Little City Emeryville (“LCE” for short) is a new community organization that is hoping to make a dent in this lack of city pride and help turn the tide of the perceived “chainification” of our town. “Emeryville is known for its big box stores, but we want to remind people that we’re here too” noted co-founder Marilyn Boucher who owns The Broken Rack Pool Hall along with her husband Wayne. “The primary focus of the Chamber of Commerce when it was around revolved around big business. We wanted an organization that looked after the little guys like us. I think sometimes ‘business’ is all lumped in together in discussions. We’re not the 1%, we’re hardworking regular people who care about our employees and the community and we want to give back and even help enrich it.”
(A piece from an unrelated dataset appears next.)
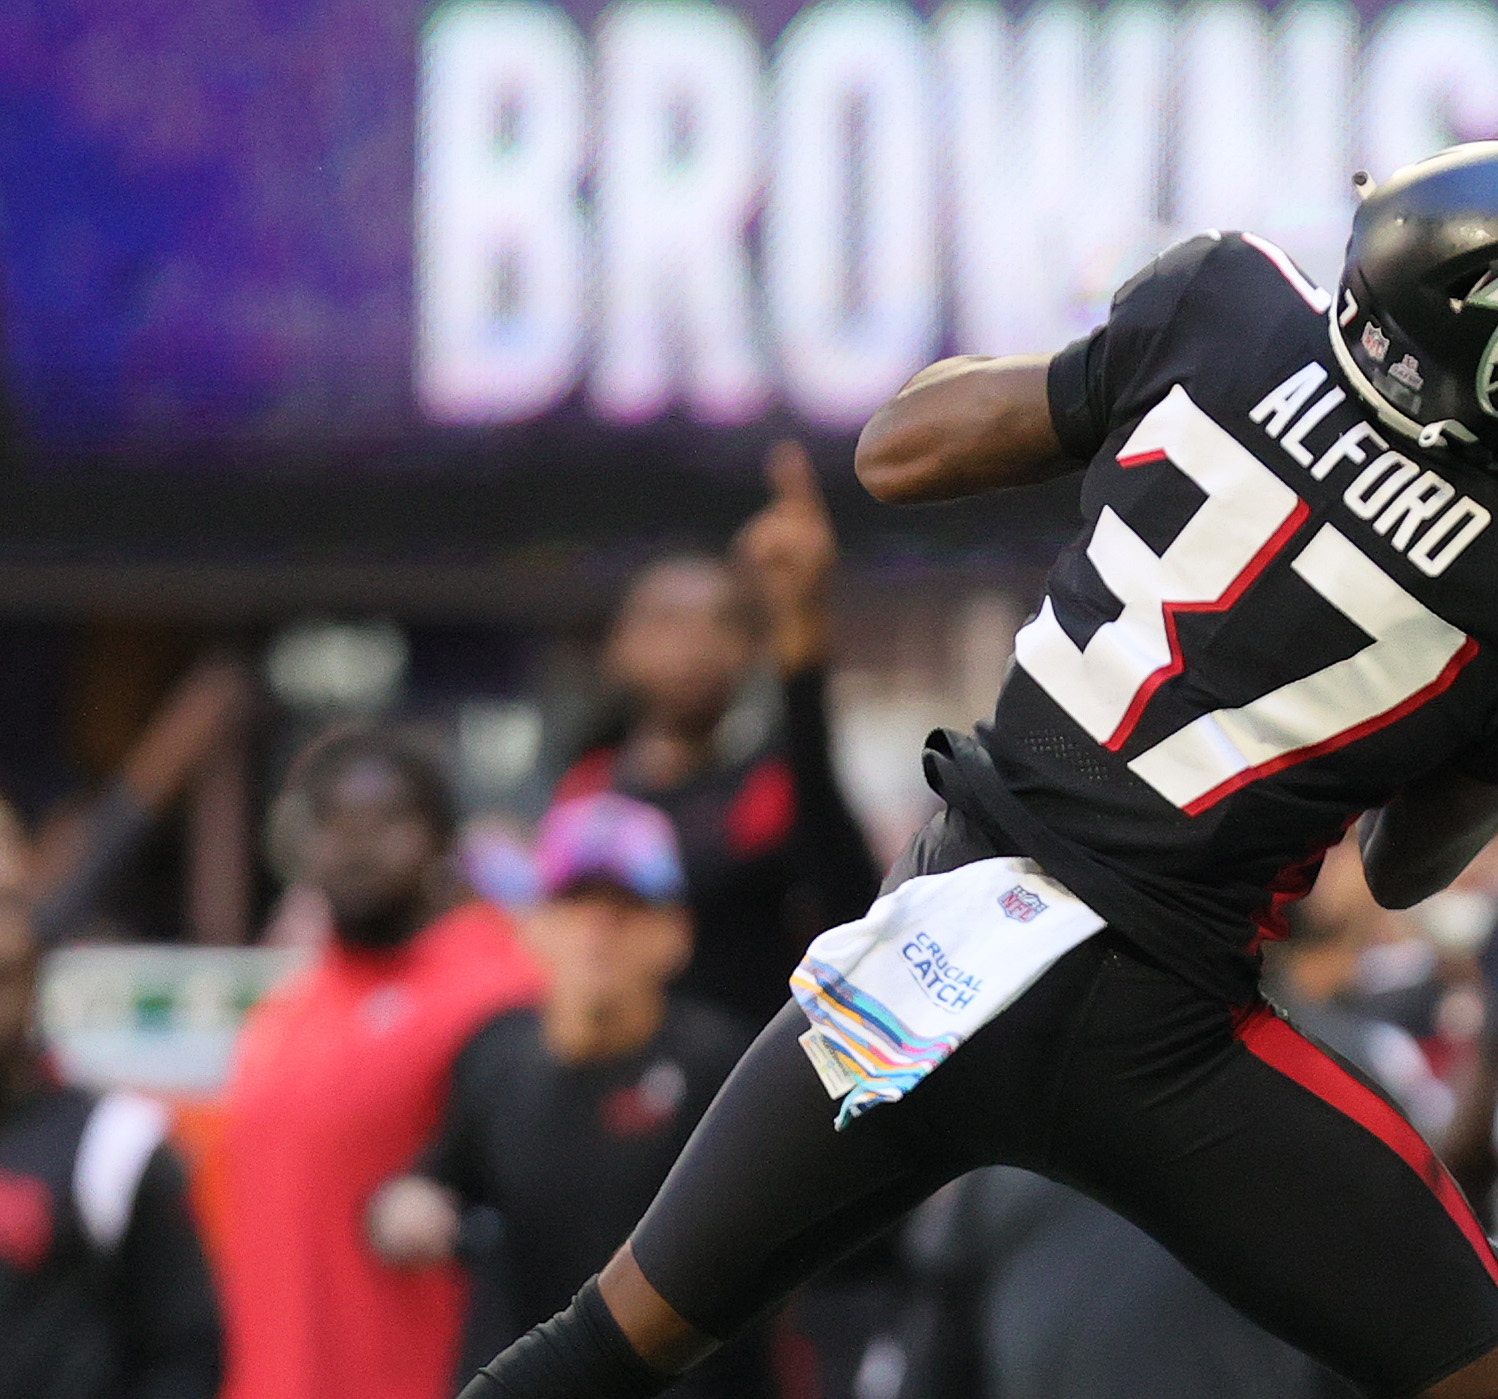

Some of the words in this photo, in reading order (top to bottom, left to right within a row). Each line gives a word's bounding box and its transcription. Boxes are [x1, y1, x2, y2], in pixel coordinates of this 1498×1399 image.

Boucher along with a few other small businesses including East Bay Pilates co-owner and Economic Development Committee member Krisna Hanks and Scarlet City Espresso’s Jen St. Hilaire and Susanna Handow started meeting and discussing how they might be able to join forces. They got together and thought how they could work together to get better representation in the city and create a focus around giving back and supporting a healthy small business climate. Without any money or deep pockets, they passed around the hat and scraped together a few bucks to print some collateral and put together a website. They then organized a few events to gauge interest and thought they had something to work with.

An event at The Broken Rack saw an encouraging attendance of guests to support Small Business.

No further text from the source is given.